*** EXERCISE INPUT Section Begins ***
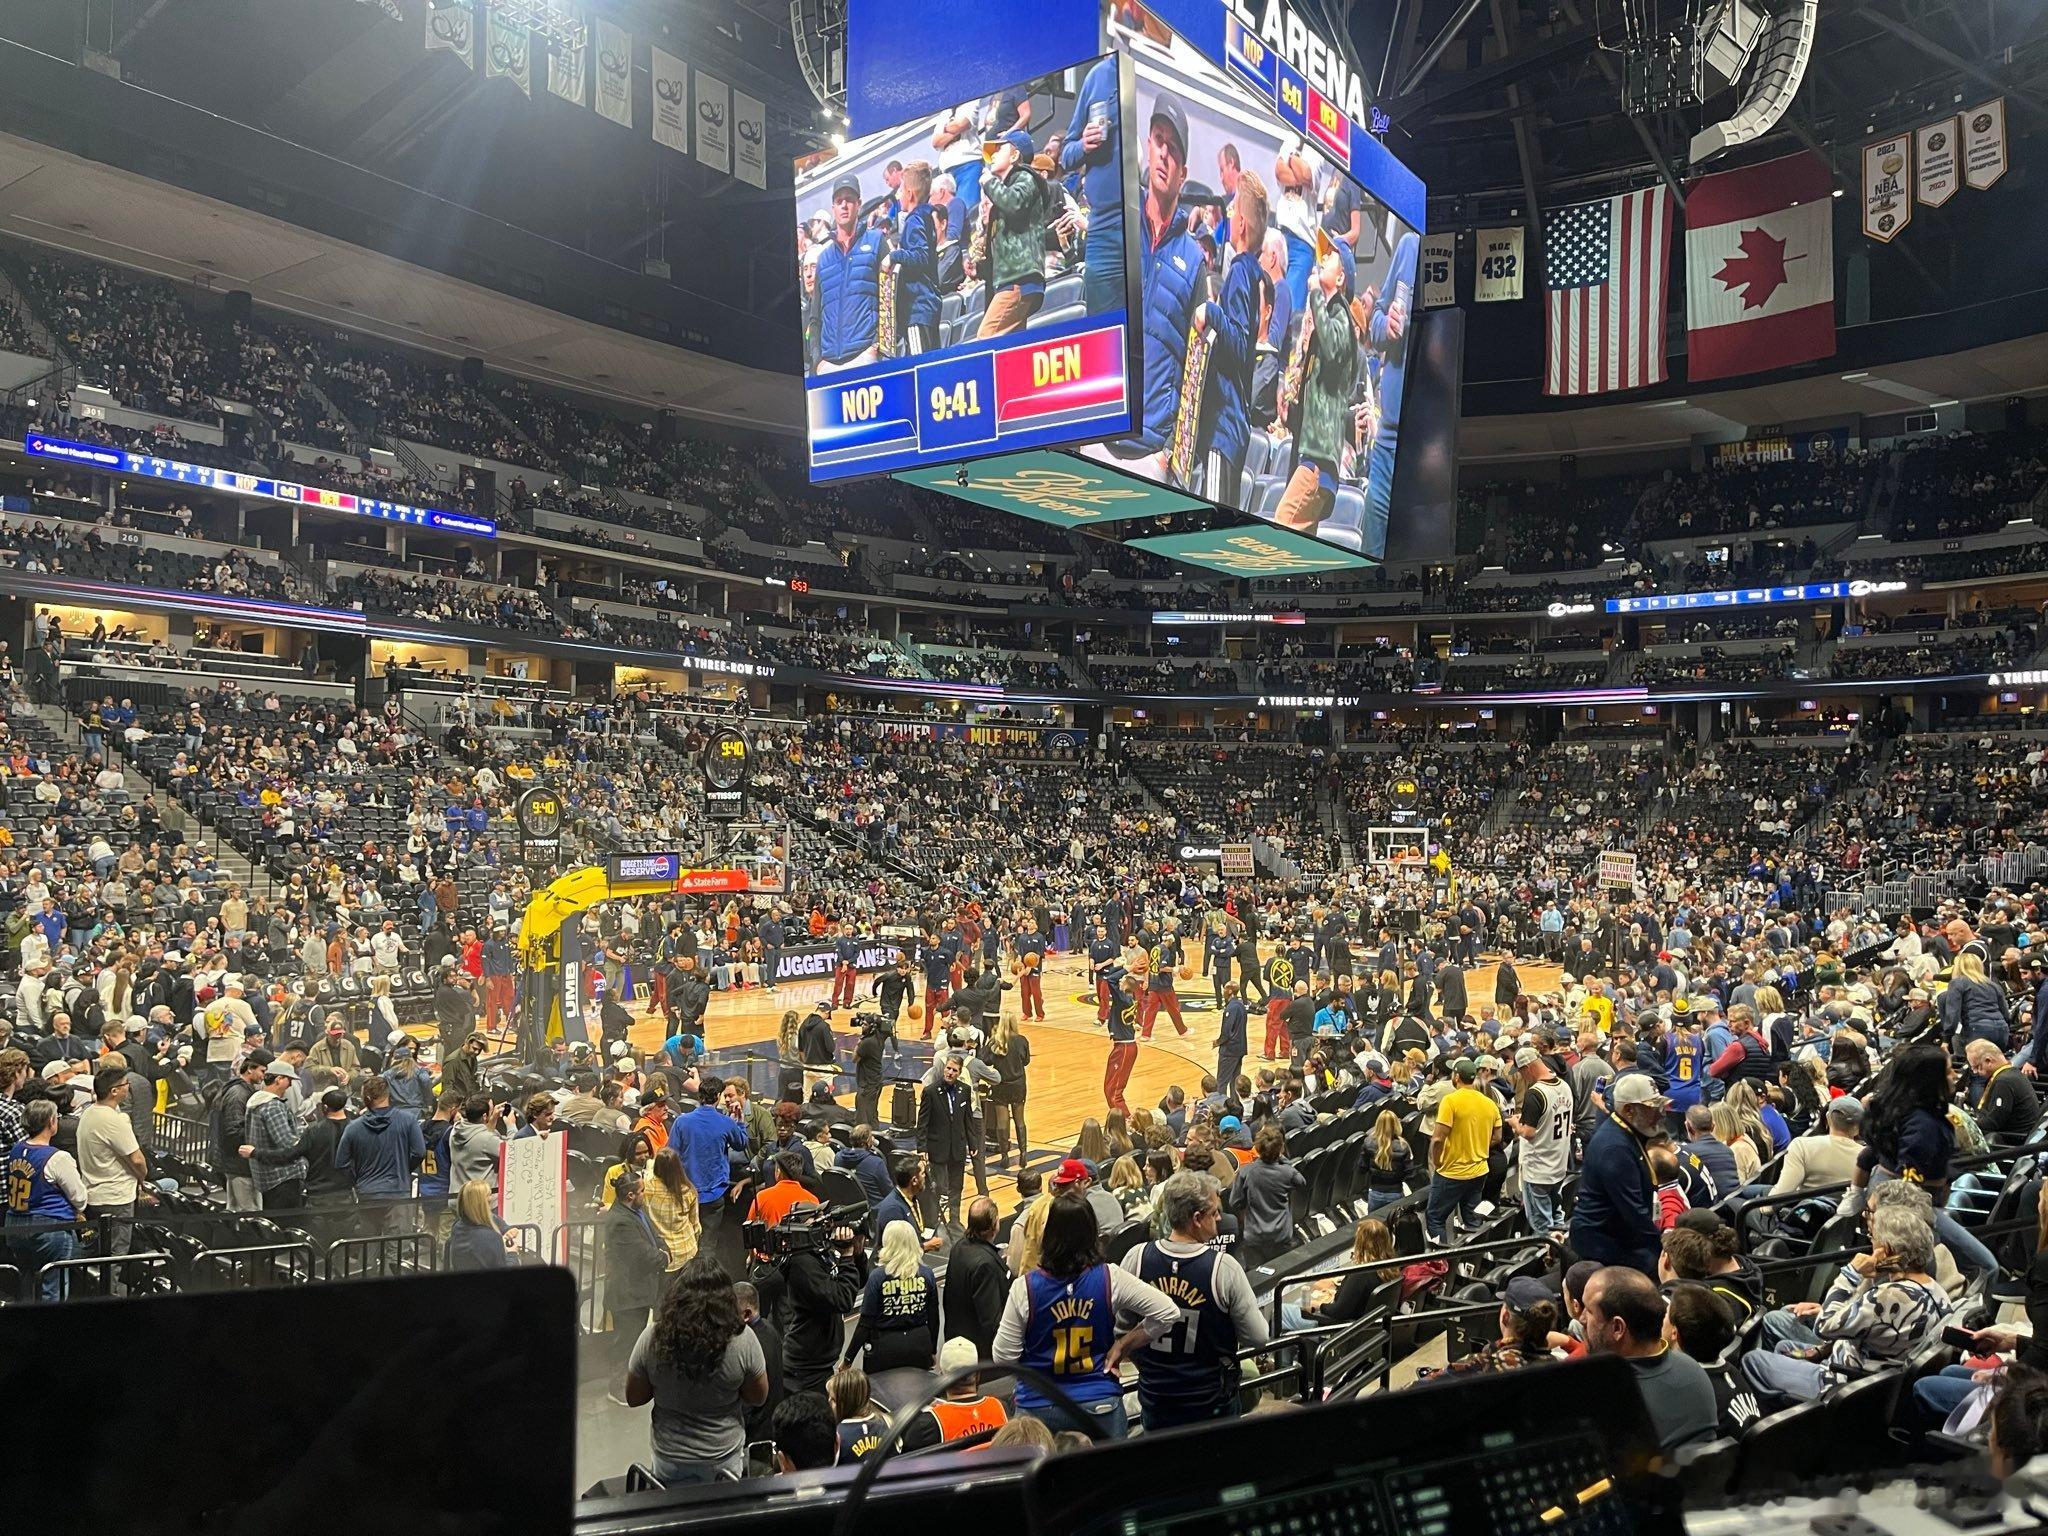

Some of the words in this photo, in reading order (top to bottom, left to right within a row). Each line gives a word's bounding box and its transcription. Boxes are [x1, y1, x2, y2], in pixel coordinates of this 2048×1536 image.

[1243, 32, 1263, 67] NOP
[1261, 0, 1366, 129] ARENA
[1282, 77, 1302, 114] 9:41
[1320, 100, 1337, 133] DEN
[1370, 106, 1390, 132] Ball
[1877, 143, 1896, 157] 2023
[1875, 178, 1898, 195] NBA
[1868, 188, 1905, 204] CHAMPIONS
[1489, 242, 1511, 252] MOE
[1482, 255, 1517, 279] 432
[1032, 344, 1081, 387] DEN
[842, 385, 883, 423] NOP
[931, 380, 980, 421] 9:41
[85, 407, 101, 415] 301
[1720, 441, 1754, 457] MILE
[235, 475, 258, 490] NOP
[930, 470, 1151, 505] Ball
[320, 492, 339, 506] DEN
[1001, 493, 1101, 517] Arena
[122, 533, 139, 543] 260
[791, 579, 808, 592] 6:53
[683, 657, 692, 668] A
[694, 657, 754, 675] THREE-ROW
[756, 666, 776, 677] SUV
[1988, 674, 2000, 685] A
[1258, 697, 1267, 706] A
[1270, 697, 1334, 706] THREE-ROW
[1337, 697, 1360, 706] SUV
[970, 728, 1001, 745] MILE
[721, 741, 743, 756] 9:40
[717, 792, 742, 800] TISSOT
[532, 801, 555, 815] 9:40
[621, 860, 642, 868] NUGGETS
[621, 867, 655, 876] DESERVE
[1602, 862, 1633, 873] ALTITUDE
[1602, 871, 1632, 881] WARNING
[855, 948, 885, 968] ANS
[565, 962, 577, 1018] UMB
[290, 1021, 304, 1038] 27
[1679, 1057, 1692, 1080] 6
[1553, 1110, 1571, 1140] 27
[9, 1175, 31, 1211] 32
[882, 1277, 925, 1295] argus
[1150, 1277, 1206, 1307] URRAY
[883, 1293, 926, 1307] EVENT
[1766, 1293, 1776, 1305] 4
[883, 1302, 926, 1316] STAFF
[1050, 1298, 1094, 1323] JOKIĆ
[1053, 1326, 1094, 1374] 15
[852, 1436, 881, 1457] BRAU
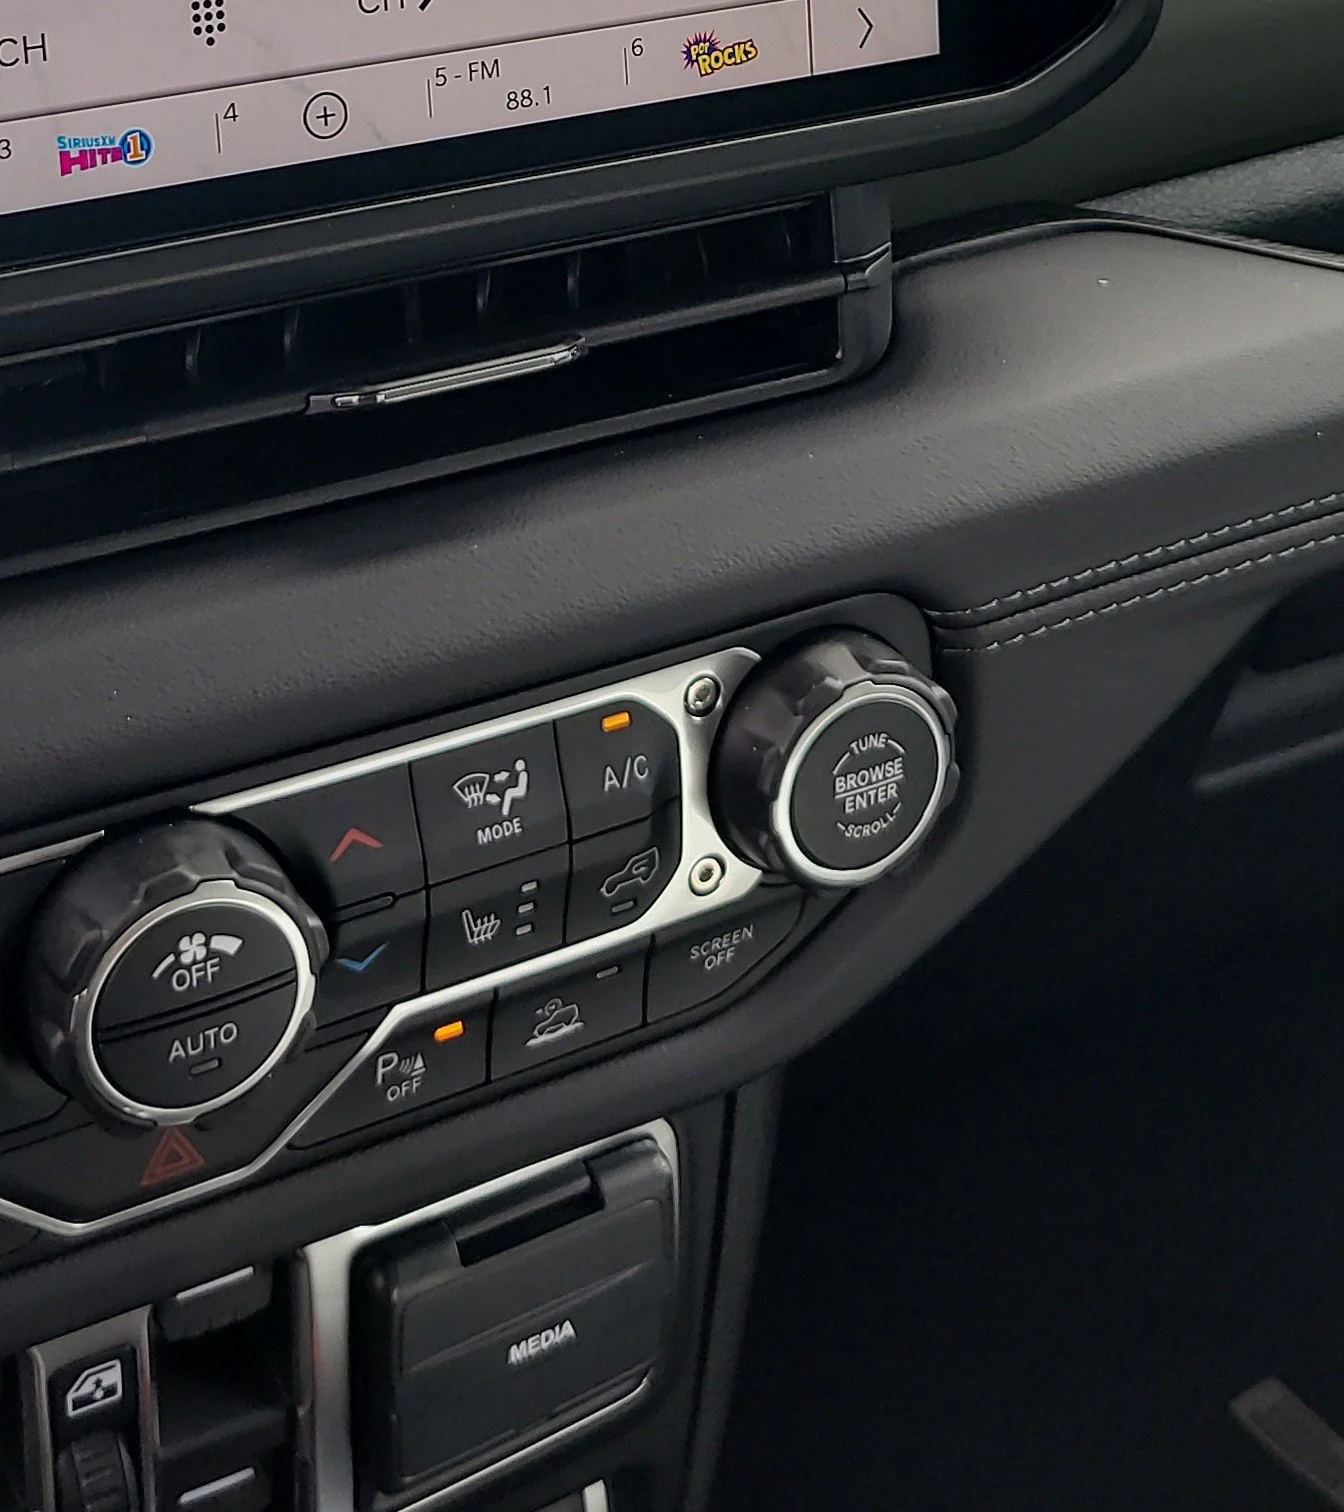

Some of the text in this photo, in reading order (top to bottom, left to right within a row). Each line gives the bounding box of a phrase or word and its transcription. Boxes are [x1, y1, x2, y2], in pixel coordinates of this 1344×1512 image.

[630, 37, 644, 58] 6
[697, 39, 758, 77] ROCKS
[434, 66, 449, 88] 5
[467, 58, 502, 83] FM
[222, 101, 239, 122] 4
[506, 85, 553, 111] 88.1
[849, 731, 889, 758] TUNE
[603, 754, 650, 792] A/C
[834, 756, 905, 794] BROWSE
[844, 782, 900, 815] ENTER
[476, 816, 525, 846] MODE
[843, 811, 898, 841] SCROLL
[689, 924, 755, 963] SCREEN
[704, 945, 736, 971] OFF
[172, 956, 224, 992] OFF
[168, 1021, 239, 1063] AUTO
[386, 1077, 423, 1103] OFF
[508, 1318, 577, 1365] MEDIA
*** EXERCISE INPUT Section Ends ***
## WHAT IS REQUIRED
Your answer must consist of the entries, unchanged, with no pictures in it.

## RESULT
Some of the words in this photo, in reading order (top to bottom, left to right within a row). Each line gives a word's bounding box and its transcription. Boxes are [x1, y1, x2, y2], in pixel coordinates of this 2048×1536 image.

[1243, 32, 1263, 67] NOP
[1261, 0, 1366, 129] ARENA
[1282, 77, 1302, 114] 9:41
[1320, 100, 1337, 133] DEN
[1370, 106, 1390, 132] Ball
[1877, 143, 1896, 157] 2023
[1875, 178, 1898, 195] NBA
[1868, 188, 1905, 204] CHAMPIONS
[1489, 242, 1511, 252] MOE
[1482, 255, 1517, 279] 432
[1032, 344, 1081, 387] DEN
[842, 385, 883, 423] NOP
[931, 380, 980, 421] 9:41
[85, 407, 101, 415] 301
[1720, 441, 1754, 457] MILE
[235, 475, 258, 490] NOP
[930, 470, 1151, 505] Ball
[320, 492, 339, 506] DEN
[1001, 493, 1101, 517] Arena
[122, 533, 139, 543] 260
[791, 579, 808, 592] 6:53
[683, 657, 692, 668] A
[694, 657, 754, 675] THREE-ROW
[756, 666, 776, 677] SUV
[1988, 674, 2000, 685] A
[1258, 697, 1267, 706] A
[1270, 697, 1334, 706] THREE-ROW
[1337, 697, 1360, 706] SUV
[970, 728, 1001, 745] MILE
[721, 741, 743, 756] 9:40
[717, 792, 742, 800] TISSOT
[532, 801, 555, 815] 9:40
[621, 860, 642, 868] NUGGETS
[621, 867, 655, 876] DESERVE
[1602, 862, 1633, 873] ALTITUDE
[1602, 871, 1632, 881] WARNING
[855, 948, 885, 968] ANS
[565, 962, 577, 1018] UMB
[290, 1021, 304, 1038] 27
[1679, 1057, 1692, 1080] 6
[1553, 1110, 1571, 1140] 27
[9, 1175, 31, 1211] 32
[882, 1277, 925, 1295] argus
[1150, 1277, 1206, 1307] URRAY
[883, 1293, 926, 1307] EVENT
[1766, 1293, 1776, 1305] 4
[883, 1302, 926, 1316] STAFF
[1050, 1298, 1094, 1323] JOKIĆ
[1053, 1326, 1094, 1374] 15
[852, 1436, 881, 1457] BRAU

Some of the text in this photo, in reading order (top to bottom, left to right within a row). Each line gives the bounding box of a phrase or word and its transcription. Boxes are [x1, y1, x2, y2], in pixel coordinates of this 1344×1512 image.

[630, 37, 644, 58] 6
[697, 39, 758, 77] ROCKS
[434, 66, 449, 88] 5
[467, 58, 502, 83] FM
[222, 101, 239, 122] 4
[506, 85, 553, 111] 88.1
[849, 731, 889, 758] TUNE
[603, 754, 650, 792] A/C
[834, 756, 905, 794] BROWSE
[844, 782, 900, 815] ENTER
[476, 816, 525, 846] MODE
[843, 811, 898, 841] SCROLL
[689, 924, 755, 963] SCREEN
[704, 945, 736, 971] OFF
[172, 956, 224, 992] OFF
[168, 1021, 239, 1063] AUTO
[386, 1077, 423, 1103] OFF
[508, 1318, 577, 1365] MEDIA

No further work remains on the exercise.